*WHAT THIS TASK INVOLVES*: Repeat the records below verbatim and include no pictures.

------ ENTRIES PROVIDED ------

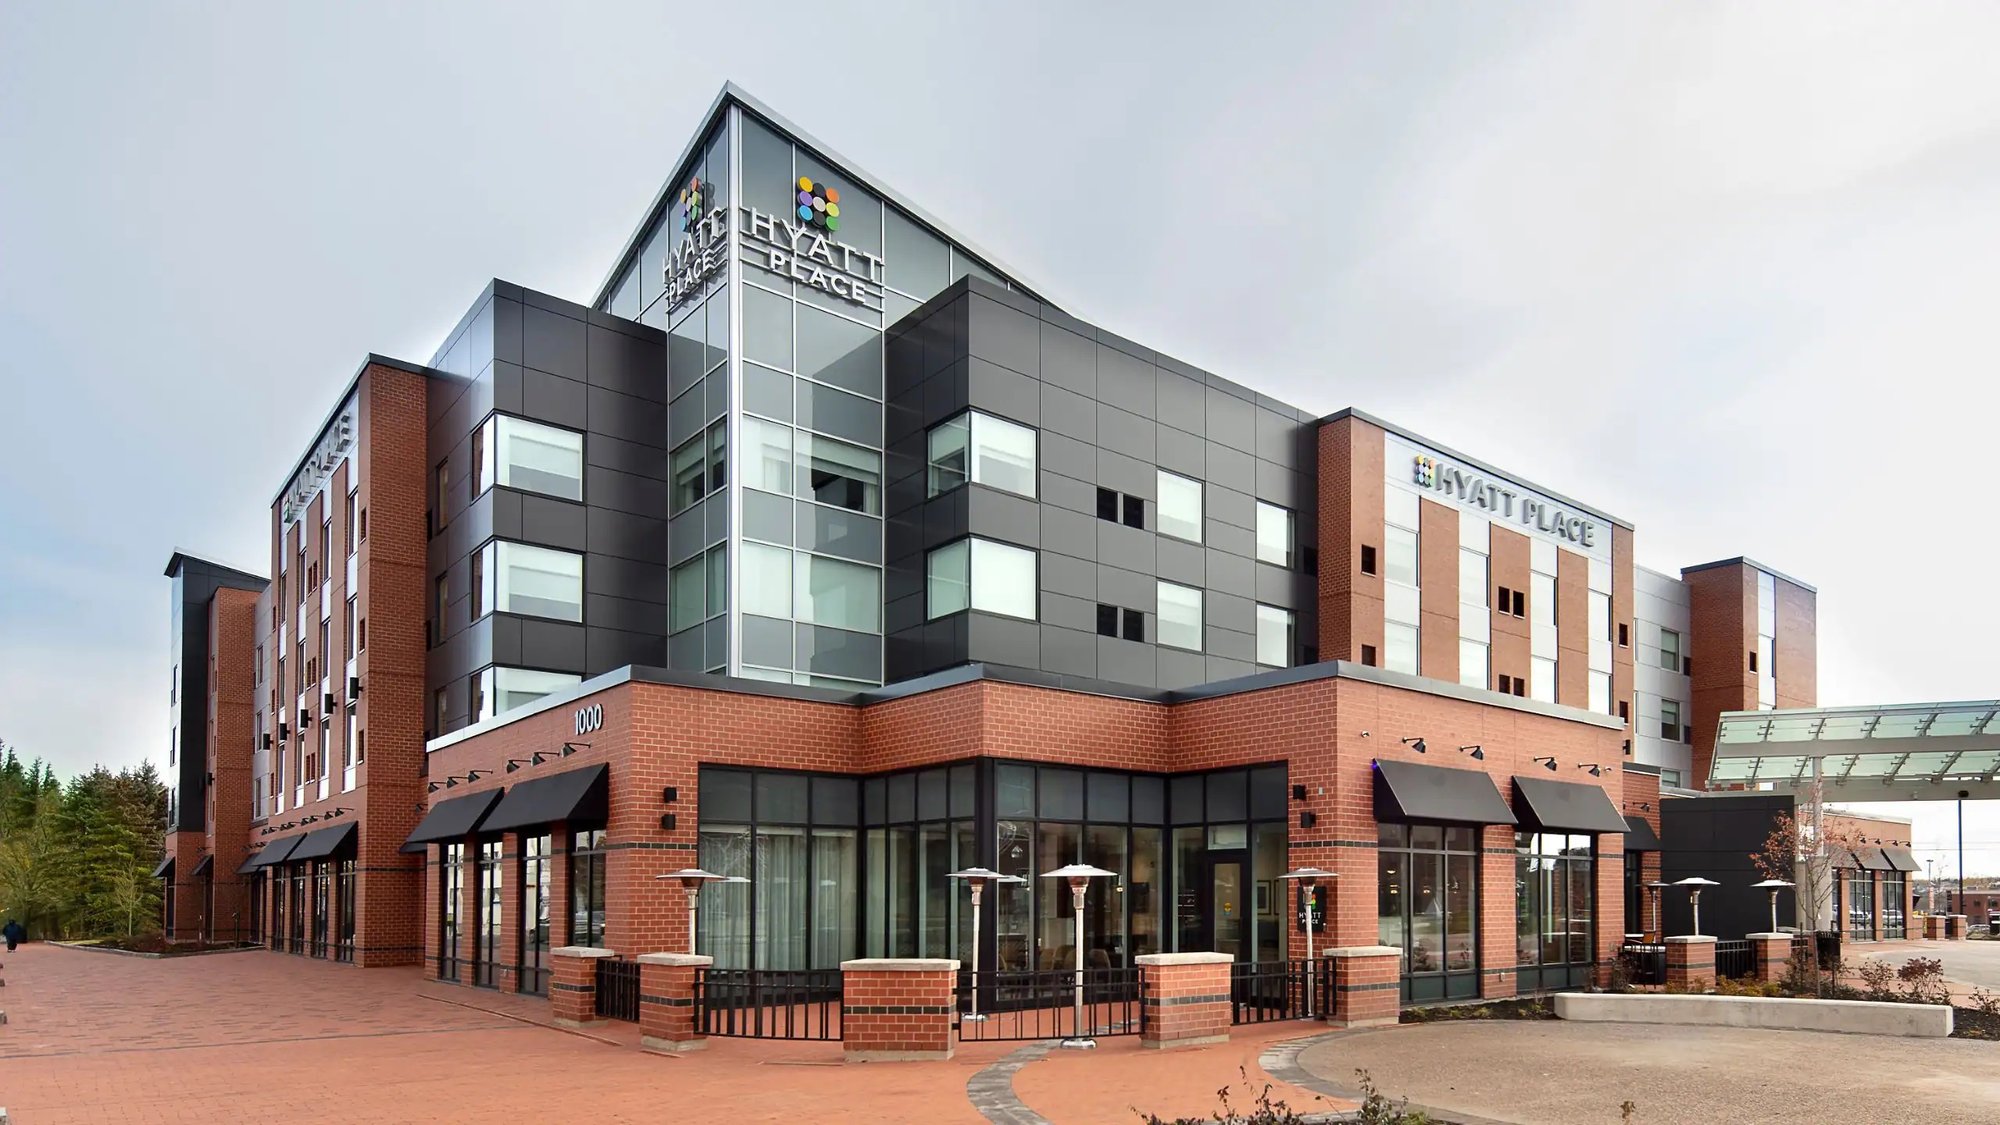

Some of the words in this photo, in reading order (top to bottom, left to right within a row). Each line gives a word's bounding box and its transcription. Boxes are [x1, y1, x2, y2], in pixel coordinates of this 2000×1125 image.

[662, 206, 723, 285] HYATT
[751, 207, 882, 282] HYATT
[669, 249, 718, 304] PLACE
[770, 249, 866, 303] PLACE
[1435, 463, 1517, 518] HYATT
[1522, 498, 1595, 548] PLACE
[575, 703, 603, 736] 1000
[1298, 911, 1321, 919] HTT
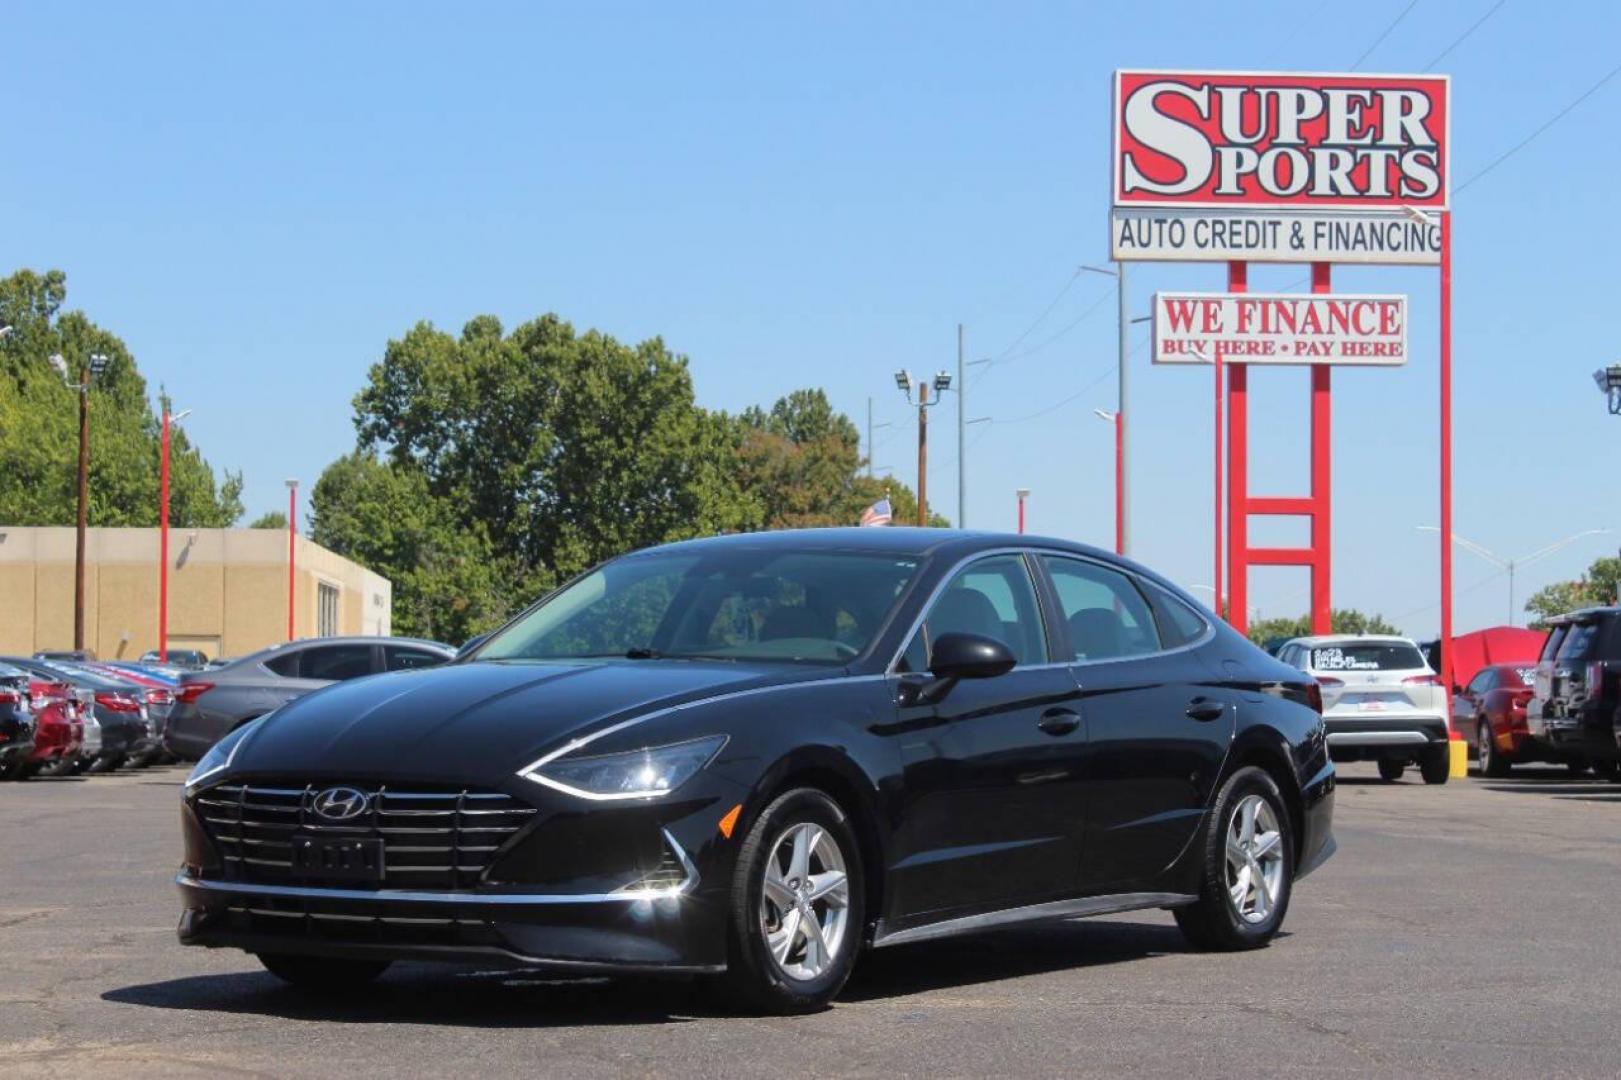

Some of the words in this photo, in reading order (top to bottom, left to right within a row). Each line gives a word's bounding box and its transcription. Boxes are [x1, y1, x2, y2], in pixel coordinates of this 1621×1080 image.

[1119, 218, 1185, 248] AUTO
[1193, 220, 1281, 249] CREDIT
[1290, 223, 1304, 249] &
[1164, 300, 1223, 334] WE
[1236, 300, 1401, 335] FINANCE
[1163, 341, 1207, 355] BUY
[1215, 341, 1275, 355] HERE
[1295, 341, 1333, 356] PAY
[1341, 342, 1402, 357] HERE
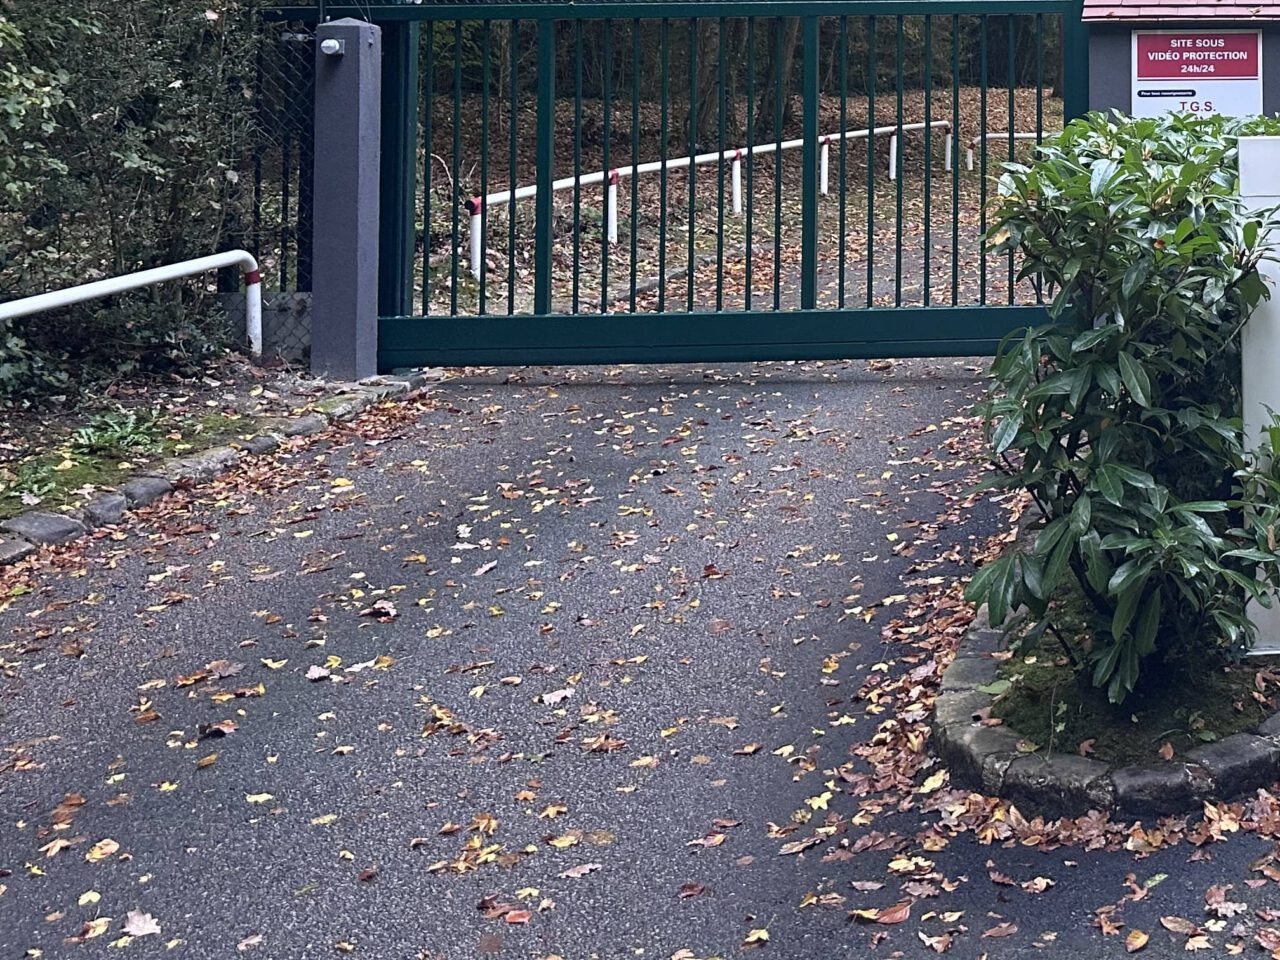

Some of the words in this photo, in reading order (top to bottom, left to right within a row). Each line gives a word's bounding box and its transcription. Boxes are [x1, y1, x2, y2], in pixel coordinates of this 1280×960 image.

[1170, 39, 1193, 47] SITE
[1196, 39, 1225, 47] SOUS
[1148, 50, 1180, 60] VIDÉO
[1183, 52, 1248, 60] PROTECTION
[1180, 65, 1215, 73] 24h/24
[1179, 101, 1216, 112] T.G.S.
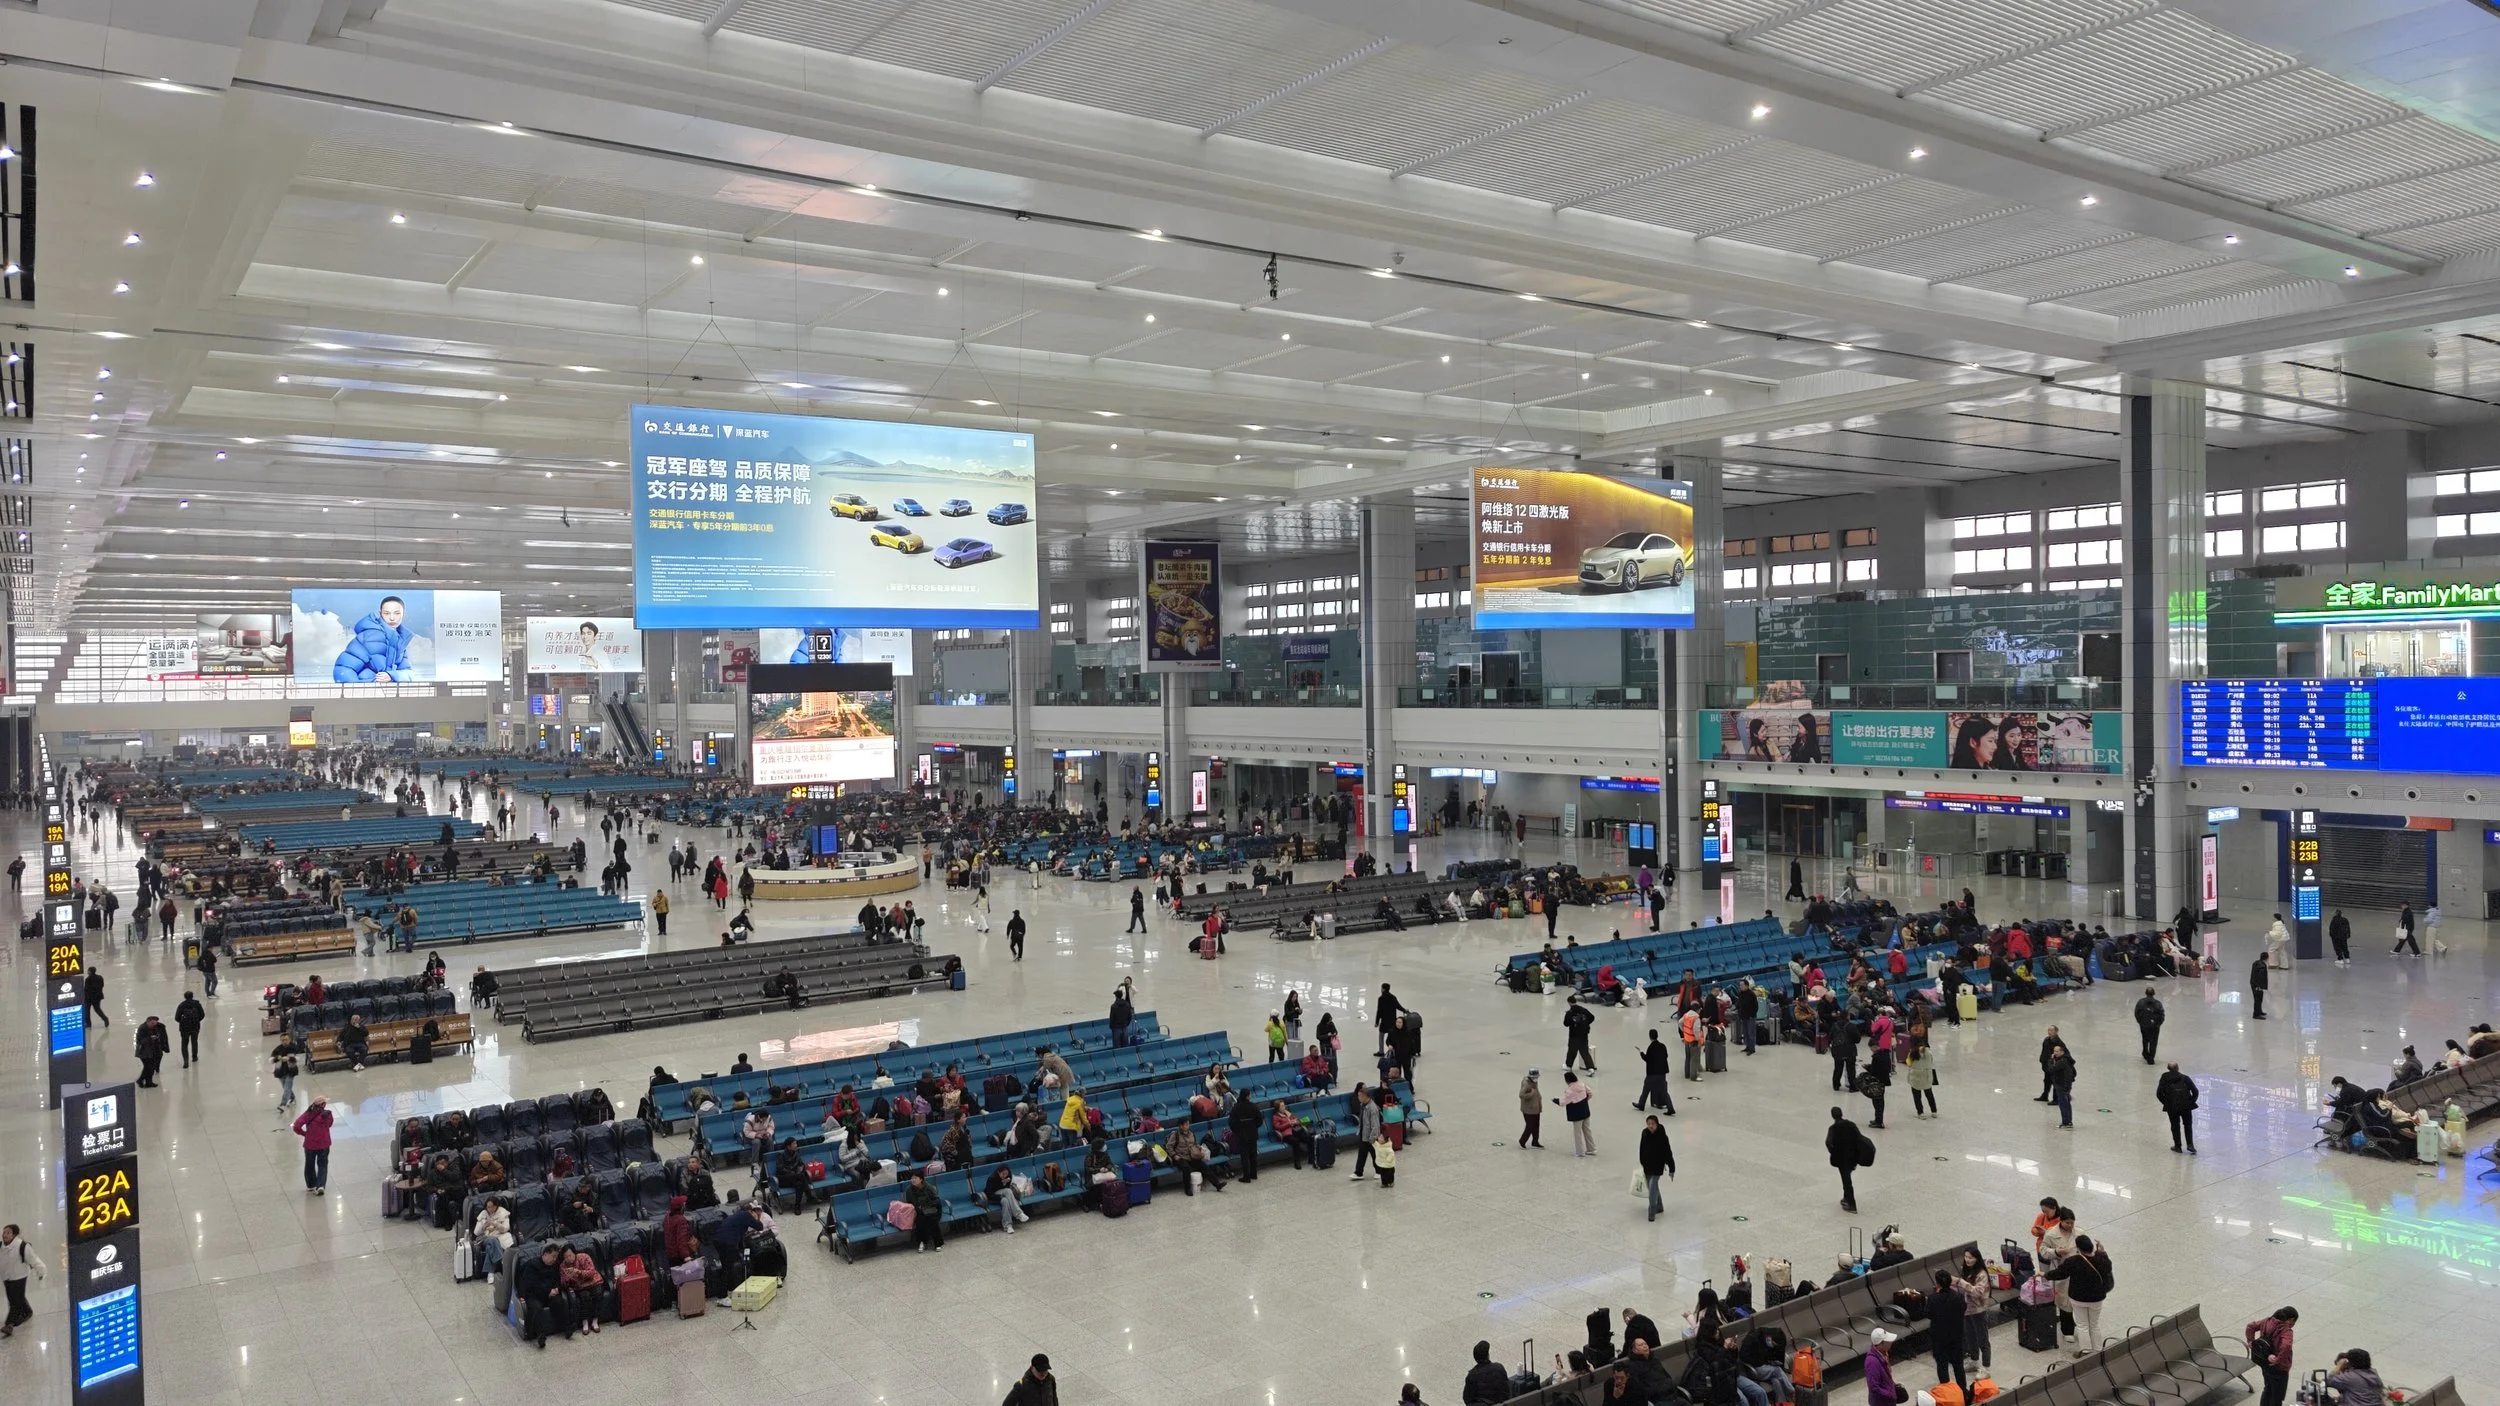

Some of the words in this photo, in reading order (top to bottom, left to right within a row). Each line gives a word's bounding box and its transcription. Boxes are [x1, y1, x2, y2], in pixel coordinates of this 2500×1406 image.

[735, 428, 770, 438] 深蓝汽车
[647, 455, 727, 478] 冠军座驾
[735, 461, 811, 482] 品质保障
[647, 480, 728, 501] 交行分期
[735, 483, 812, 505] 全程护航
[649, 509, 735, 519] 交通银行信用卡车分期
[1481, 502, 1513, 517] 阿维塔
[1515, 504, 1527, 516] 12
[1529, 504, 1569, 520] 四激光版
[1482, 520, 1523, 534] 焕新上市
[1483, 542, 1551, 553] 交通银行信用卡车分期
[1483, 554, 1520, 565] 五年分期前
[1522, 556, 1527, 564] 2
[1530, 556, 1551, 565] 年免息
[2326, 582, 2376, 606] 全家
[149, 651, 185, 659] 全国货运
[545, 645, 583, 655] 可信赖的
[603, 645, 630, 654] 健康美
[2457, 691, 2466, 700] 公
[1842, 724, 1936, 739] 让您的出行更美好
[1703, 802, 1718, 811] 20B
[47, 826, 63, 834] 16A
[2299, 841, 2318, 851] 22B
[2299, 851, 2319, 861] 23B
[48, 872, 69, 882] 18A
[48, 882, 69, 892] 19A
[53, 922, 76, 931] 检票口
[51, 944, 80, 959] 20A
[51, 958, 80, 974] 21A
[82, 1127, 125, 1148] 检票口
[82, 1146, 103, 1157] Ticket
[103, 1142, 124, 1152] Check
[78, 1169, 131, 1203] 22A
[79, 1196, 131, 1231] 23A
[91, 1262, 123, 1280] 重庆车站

------

*FINISHED EXERCISE*:
Some of the words in this photo, in reading order (top to bottom, left to right within a row). Each line gives a word's bounding box and its transcription. Boxes are [x1, y1, x2, y2], in pixel coordinates of this 2000×1125 image.

[662, 206, 723, 285] HYATT
[751, 207, 882, 282] HYATT
[669, 249, 718, 304] PLACE
[770, 249, 866, 303] PLACE
[1435, 463, 1517, 518] HYATT
[1522, 498, 1595, 548] PLACE
[575, 703, 603, 736] 1000
[1298, 911, 1321, 919] HTT

Some of the words in this photo, in reading order (top to bottom, left to right within a row). Each line gives a word's bounding box and its transcription. Boxes are [x1, y1, x2, y2], in pixel coordinates of this 1621×1080 image.

[1119, 218, 1185, 248] AUTO
[1193, 220, 1281, 249] CREDIT
[1290, 223, 1304, 249] &
[1164, 300, 1223, 334] WE
[1236, 300, 1401, 335] FINANCE
[1163, 341, 1207, 355] BUY
[1215, 341, 1275, 355] HERE
[1295, 341, 1333, 356] PAY
[1341, 342, 1402, 357] HERE

Some of the words in this photo, in reading order (top to bottom, left to right within a row). Each line gives a word's bounding box and its transcription. Boxes are [x1, y1, x2, y2], in pixel coordinates of this 1280×960 image.

[1170, 39, 1193, 47] SITE
[1196, 39, 1225, 47] SOUS
[1148, 50, 1180, 60] VIDÉO
[1183, 52, 1248, 60] PROTECTION
[1180, 65, 1215, 73] 24h/24
[1179, 101, 1216, 112] T.G.S.

Some of the words in this photo, in reading order (top to bottom, left to right within a row). Each line gives a word's bounding box and its transcription. Boxes are [x1, y1, x2, y2], in pixel coordinates of this 2500×1406 image.

[735, 428, 770, 438] 深蓝汽车
[647, 455, 727, 478] 冠军座驾
[735, 461, 811, 482] 品质保障
[647, 480, 728, 501] 交行分期
[735, 483, 812, 505] 全程护航
[649, 509, 735, 519] 交通银行信用卡车分期
[1481, 502, 1513, 517] 阿维塔
[1515, 504, 1527, 516] 12
[1529, 504, 1569, 520] 四激光版
[1482, 520, 1523, 534] 焕新上市
[1483, 542, 1551, 553] 交通银行信用卡车分期
[1483, 554, 1520, 565] 五年分期前
[1522, 556, 1527, 564] 2
[1530, 556, 1551, 565] 年免息
[2326, 582, 2376, 606] 全家
[149, 651, 185, 659] 全国货运
[545, 645, 583, 655] 可信赖的
[603, 645, 630, 654] 健康美
[2457, 691, 2466, 700] 公
[1842, 724, 1936, 739] 让您的出行更美好
[1703, 802, 1718, 811] 20B
[47, 826, 63, 834] 16A
[2299, 841, 2318, 851] 22B
[2299, 851, 2319, 861] 23B
[48, 872, 69, 882] 18A
[48, 882, 69, 892] 19A
[53, 922, 76, 931] 检票口
[51, 944, 80, 959] 20A
[51, 958, 80, 974] 21A
[82, 1127, 125, 1148] 检票口
[82, 1146, 103, 1157] Ticket
[103, 1142, 124, 1152] Check
[78, 1169, 131, 1203] 22A
[79, 1196, 131, 1231] 23A
[91, 1262, 123, 1280] 重庆车站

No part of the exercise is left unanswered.